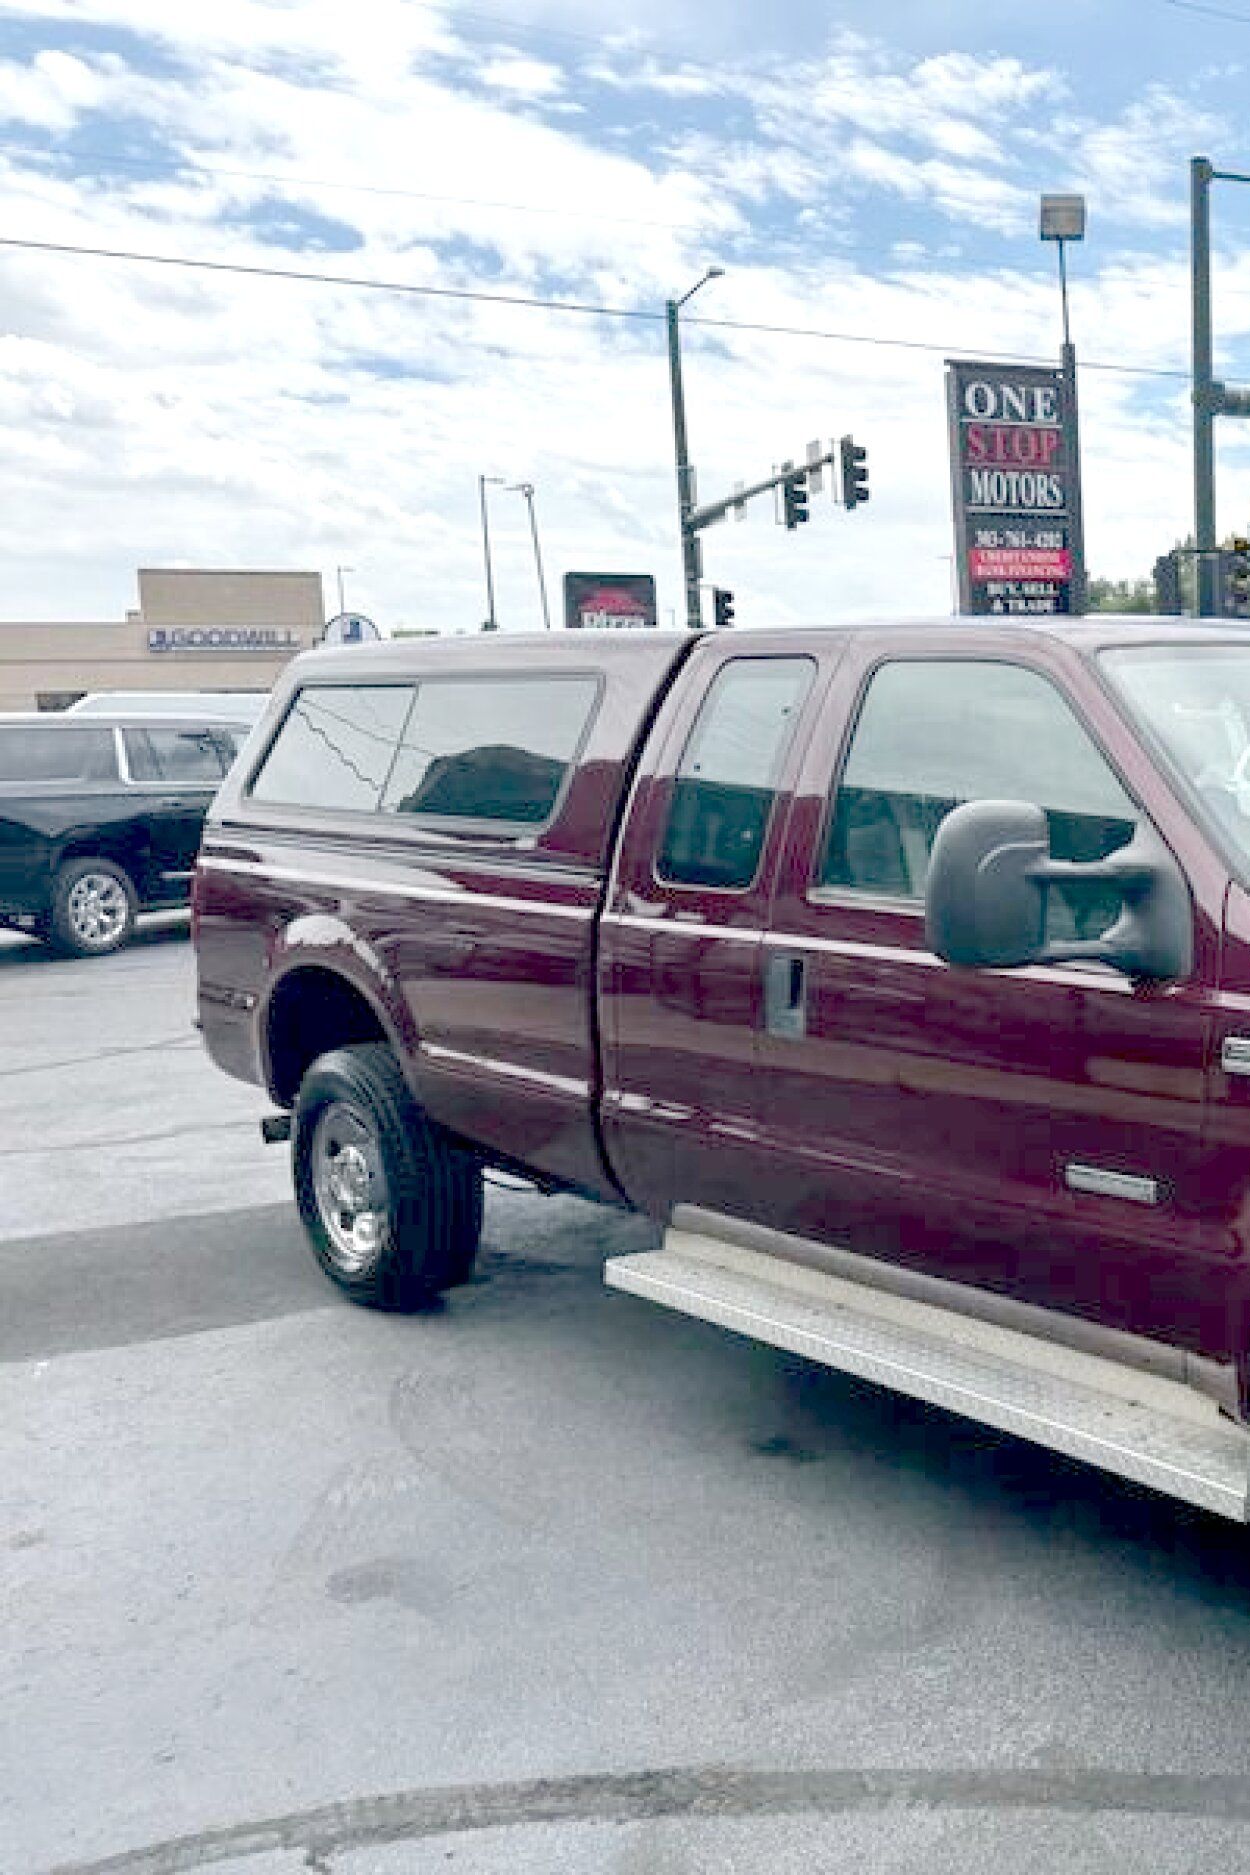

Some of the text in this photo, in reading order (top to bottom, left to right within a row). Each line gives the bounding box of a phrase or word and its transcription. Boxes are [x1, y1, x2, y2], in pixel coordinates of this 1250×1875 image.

[965, 381, 1058, 422] ONE
[968, 425, 1059, 463] STOP
[971, 470, 1064, 508] MOTORS
[171, 628, 301, 647] GOODWILL

....

__DIRECTIONS__
Each record above goes into the copy unchanged; the pictures do not.

__WRITTEN SOLUTION__
Some of the text in this photo, in reading order (top to bottom, left to right within a row). Each line gives the bounding box of a phrase or word and its transcription. Boxes are [x1, y1, x2, y2], in pixel coordinates of this 1250×1875 image.

[965, 381, 1058, 422] ONE
[968, 425, 1059, 463] STOP
[971, 470, 1064, 508] MOTORS
[171, 628, 301, 647] GOODWILL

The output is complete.